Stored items
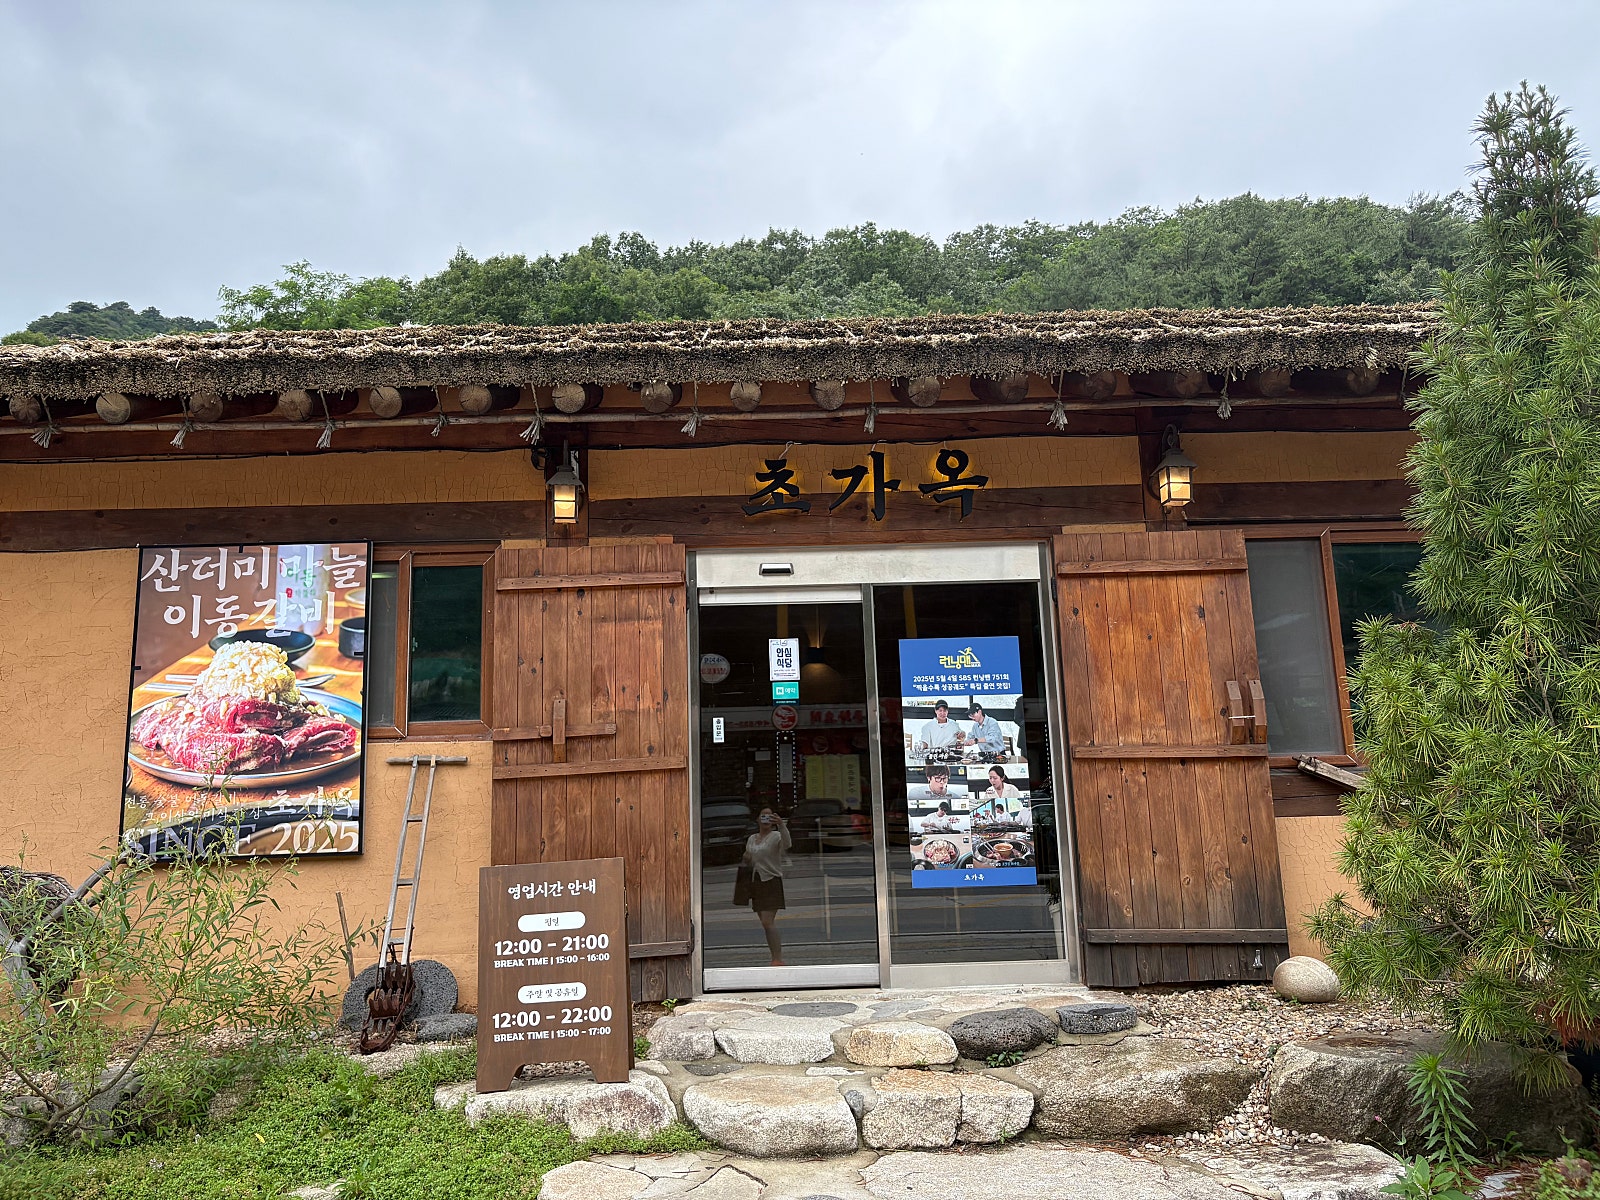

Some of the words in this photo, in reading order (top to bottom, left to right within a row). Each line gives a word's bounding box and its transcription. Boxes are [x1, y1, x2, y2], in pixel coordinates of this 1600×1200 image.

[741, 449, 989, 522] 초가옥
[141, 546, 271, 592] 산더미
[279, 544, 367, 589] 마늘
[163, 590, 335, 638] 이동갈비
[776, 647, 792, 658] 안심
[776, 658, 792, 668] 식당
[939, 654, 971, 669] 런닝맨
[913, 675, 935, 683] 2025년
[936, 674, 946, 682] 5월
[972, 673, 991, 682] 런닝맨
[272, 820, 359, 855] 2025
[508, 881, 564, 900] 영업시간
[568, 878, 596, 896] 안내
[544, 917, 559, 927] 평일
[494, 938, 542, 956] 12:00
[562, 933, 609, 952] 21:00
[494, 958, 525, 968] BREAK
[526, 957, 549, 966] TIME
[556, 955, 578, 964] 15:00
[587, 952, 610, 962] 16:00
[526, 989, 543, 999] 주말
[545, 988, 553, 998] 및
[554, 986, 579, 997] 공휴일
[492, 1010, 540, 1028] 12:00
[561, 1005, 612, 1024] 22:00
[493, 1032, 525, 1043] BREAK
[526, 1030, 549, 1040] TIME
[556, 1028, 579, 1038] 15:00
[588, 1026, 611, 1036] 17:00
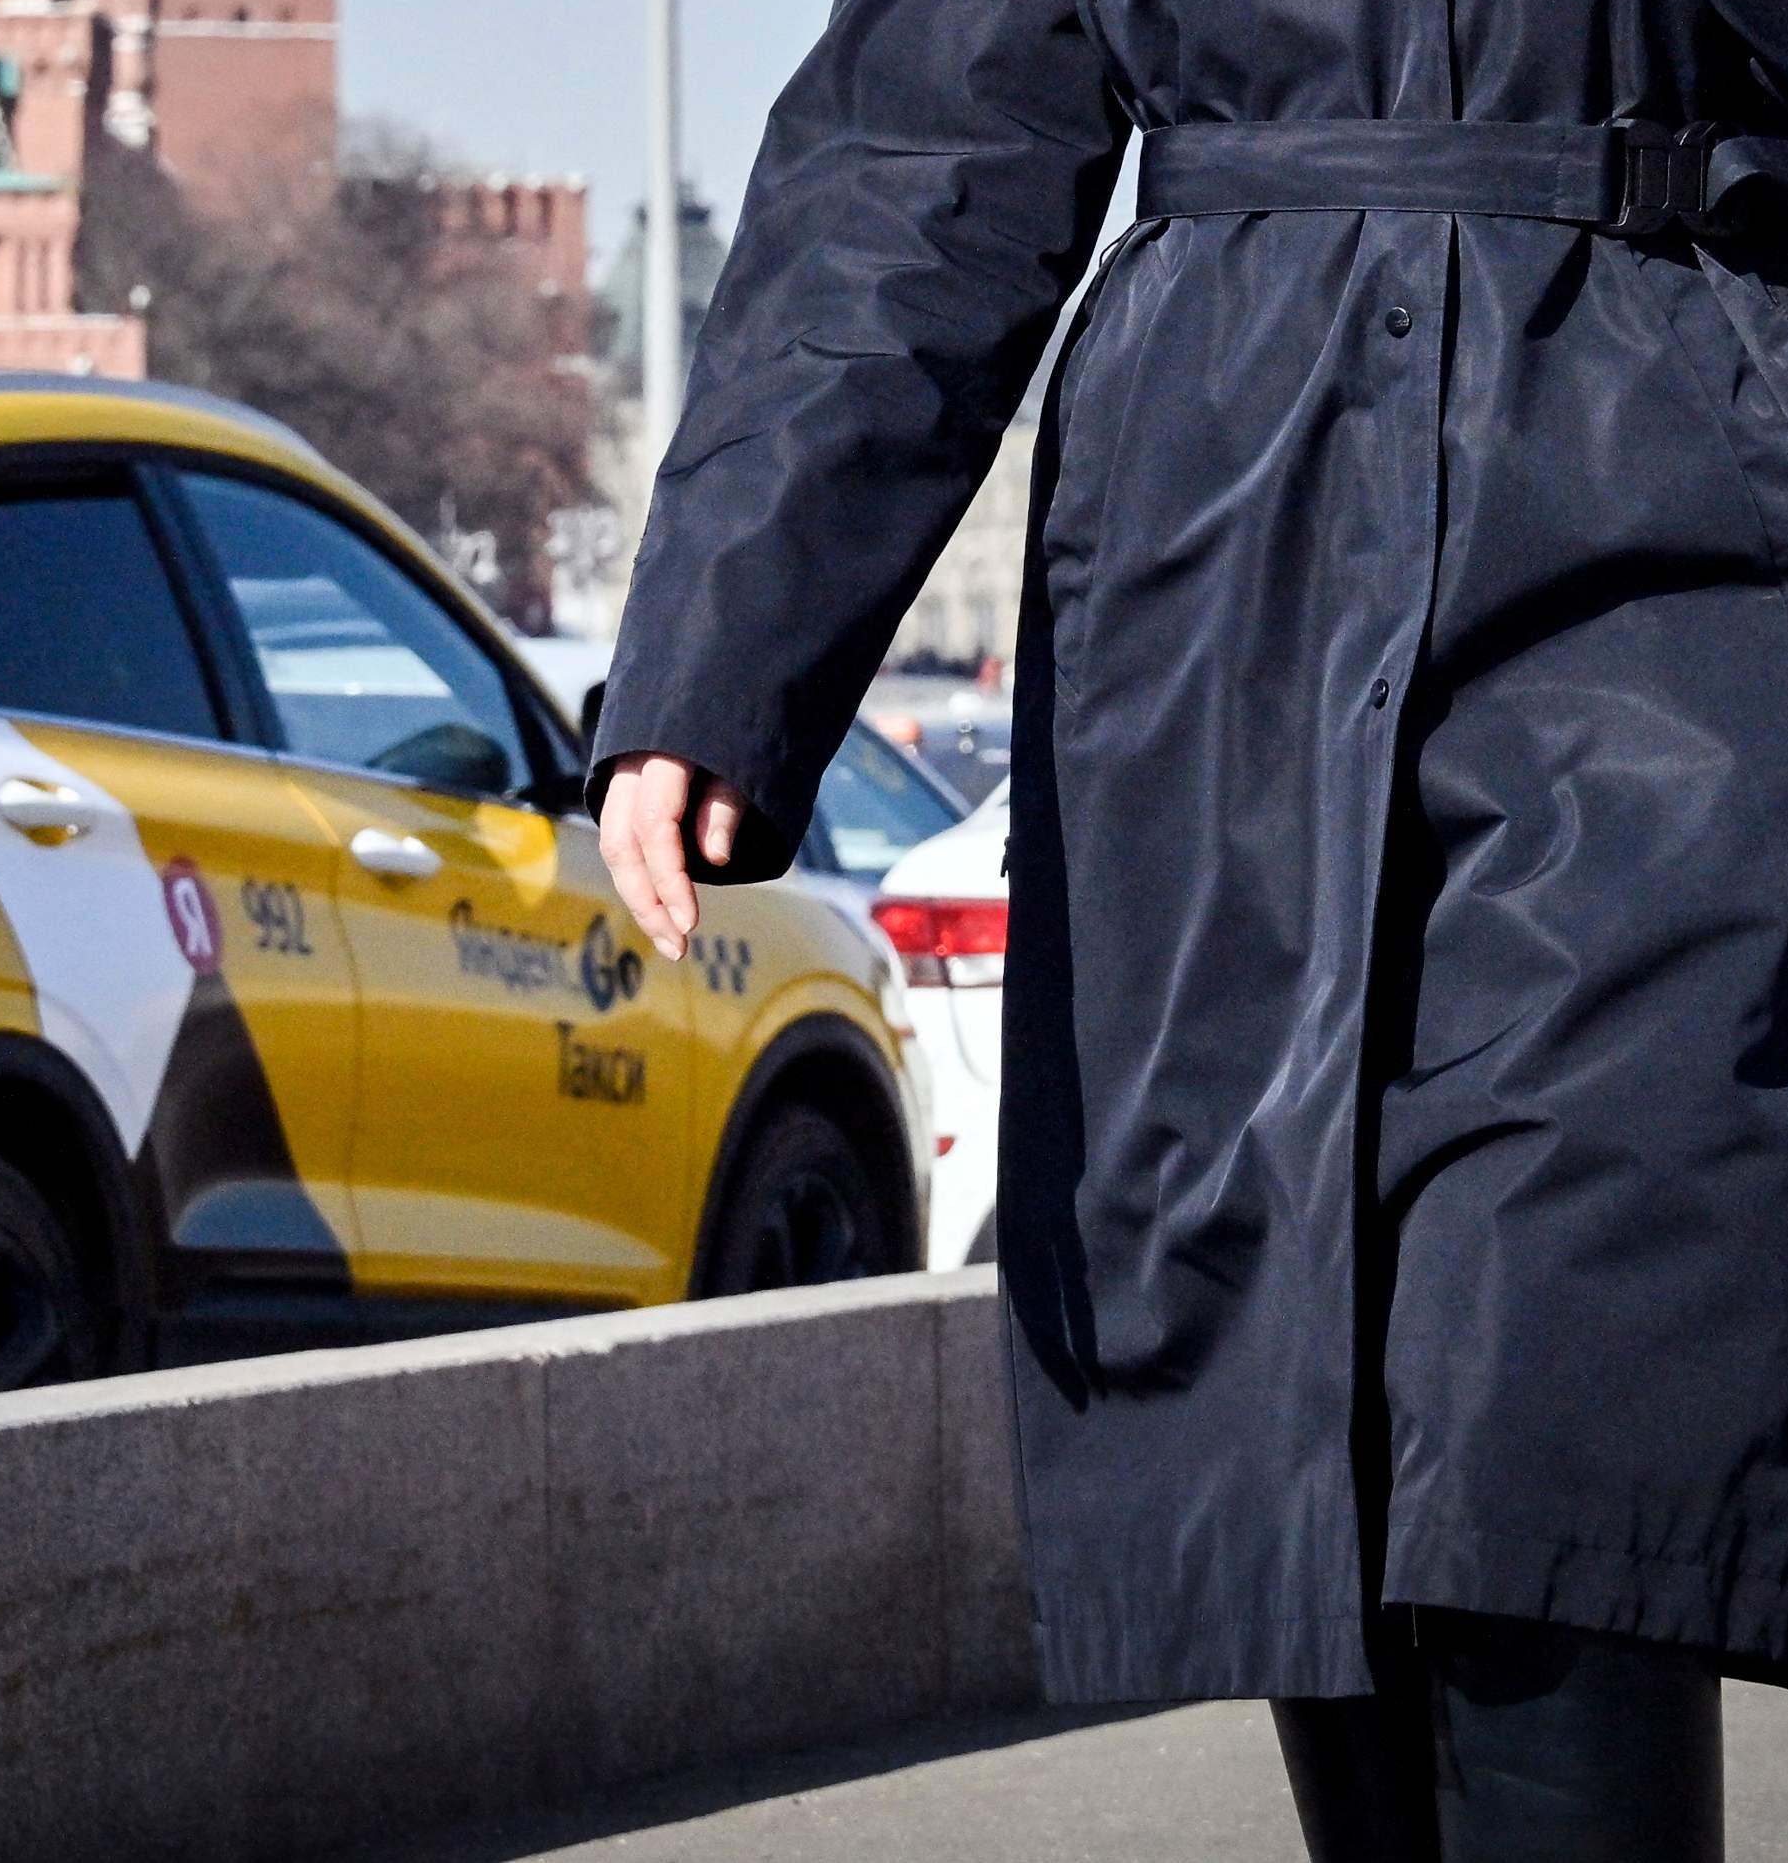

*TASK OBJECTIVE*
The entries are to be copied exactly, and each image is to be omitted.

*OUTPUT FOR THIS EXERCISE*
Some of the words in this photo, in reading order (top to bottom, left to right within a row). Each line gives a word's bounding box and its transcription. Boxes are [x1, y1, x2, y2], in pixel coordinates of this 1600×1200 image.

[741, 449, 989, 522] 초가옥
[141, 546, 271, 592] 산더미
[279, 544, 367, 589] 마늘
[163, 590, 335, 638] 이동갈비
[776, 647, 792, 658] 안심
[776, 658, 792, 668] 식당
[939, 654, 971, 669] 런닝맨
[913, 675, 935, 683] 2025년
[936, 674, 946, 682] 5월
[972, 673, 991, 682] 런닝맨
[272, 820, 359, 855] 2025
[508, 881, 564, 900] 영업시간
[568, 878, 596, 896] 안내
[544, 917, 559, 927] 평일
[494, 938, 542, 956] 12:00
[562, 933, 609, 952] 21:00
[494, 958, 525, 968] BREAK
[526, 957, 549, 966] TIME
[556, 955, 578, 964] 15:00
[587, 952, 610, 962] 16:00
[526, 989, 543, 999] 주말
[545, 988, 553, 998] 및
[554, 986, 579, 997] 공휴일
[492, 1010, 540, 1028] 12:00
[561, 1005, 612, 1024] 22:00
[493, 1032, 525, 1043] BREAK
[526, 1030, 549, 1040] TIME
[556, 1028, 579, 1038] 15:00
[588, 1026, 611, 1036] 17:00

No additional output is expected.